Spatial localization data
_ _ _ _ _
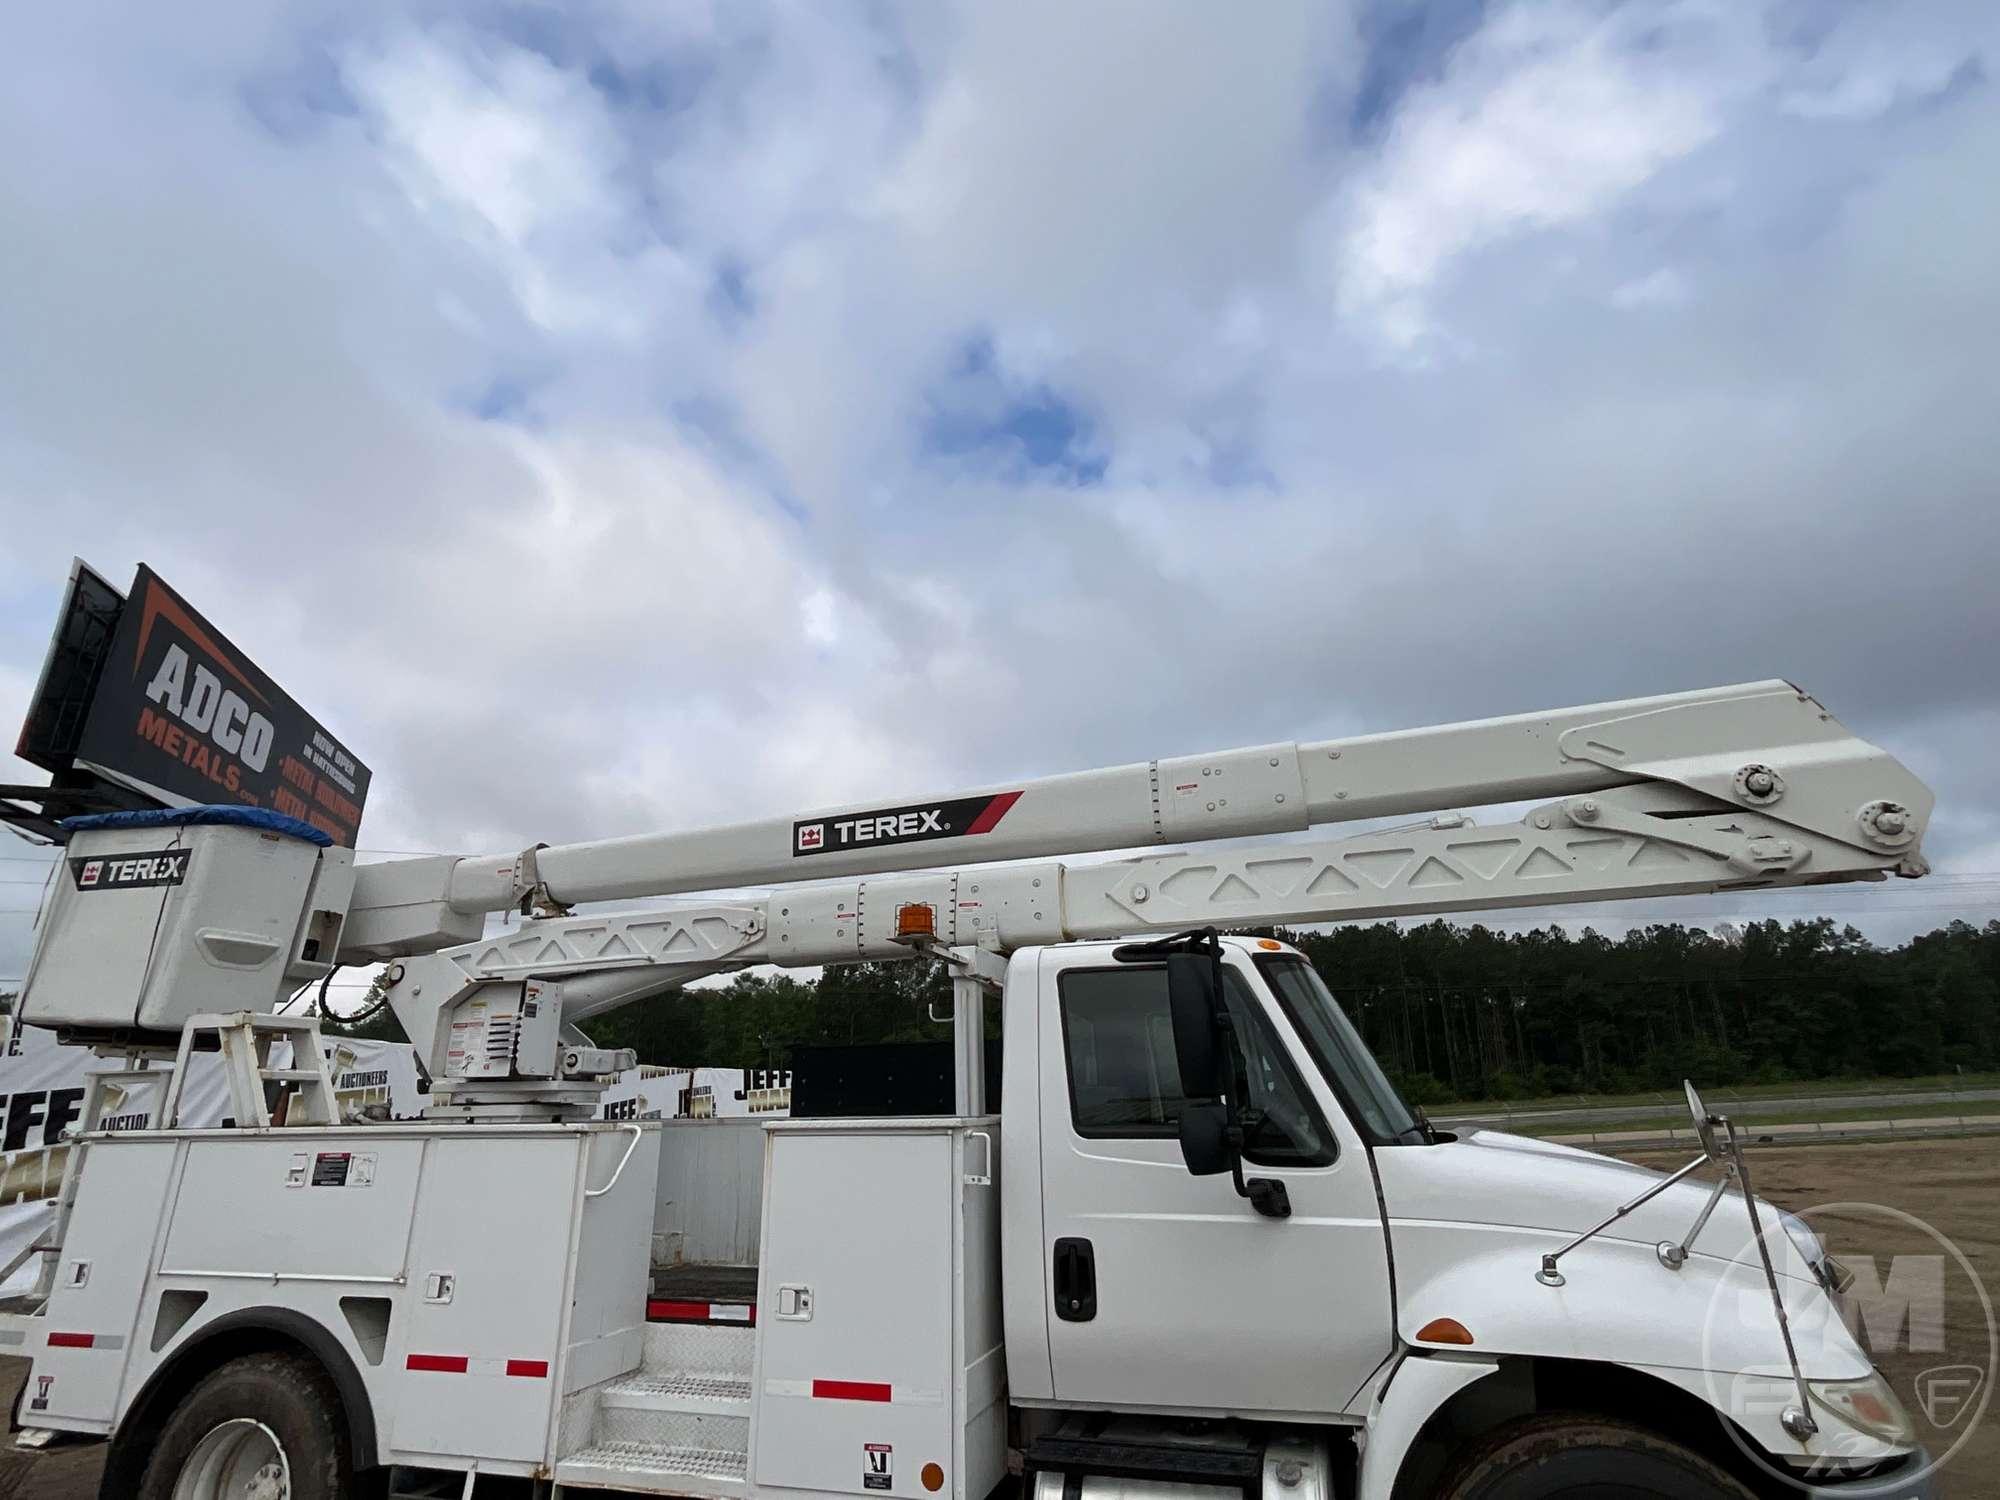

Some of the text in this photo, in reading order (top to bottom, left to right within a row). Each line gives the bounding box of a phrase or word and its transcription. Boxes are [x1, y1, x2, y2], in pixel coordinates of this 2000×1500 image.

[146, 643, 275, 774] ADCO
[137, 707, 241, 793] METALS
[834, 808, 943, 845] TEREX
[340, 1070, 388, 1089] AUCTIONEERS
[734, 1069, 792, 1101] JEFF
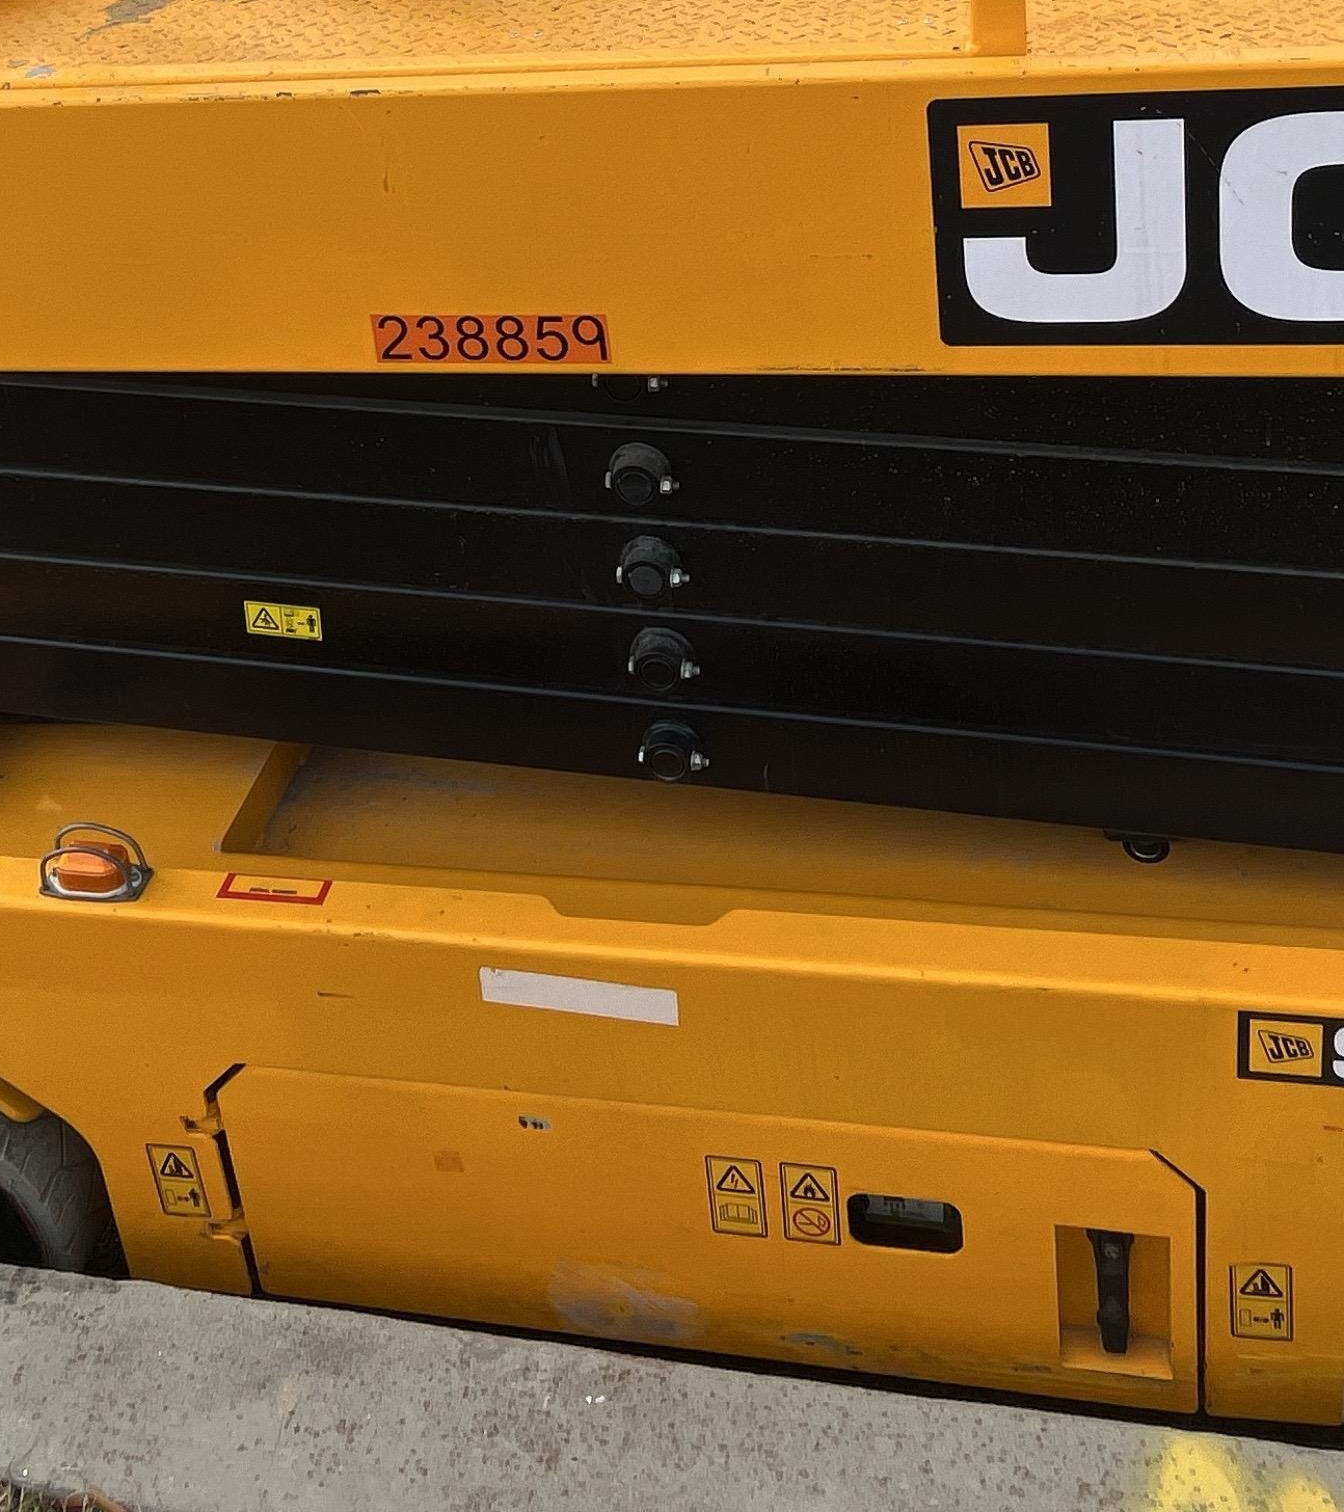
_ _ _ _ _
Exercise prompt. Would you set down every line of the data above exactly, skipping the pictures?

Answer for the task.
Some of the text in this photo, in reading order (top to bottom, left to right within a row). Each line gives the bounding box of a phrase or word and its transcription. Boxes are [x1, y1, x2, y2], in pixel coordinates of this 2000×1500 image.

[146, 643, 275, 774] ADCO
[137, 707, 241, 793] METALS
[834, 808, 943, 845] TEREX
[340, 1070, 388, 1089] AUCTIONEERS
[734, 1069, 792, 1101] JEFF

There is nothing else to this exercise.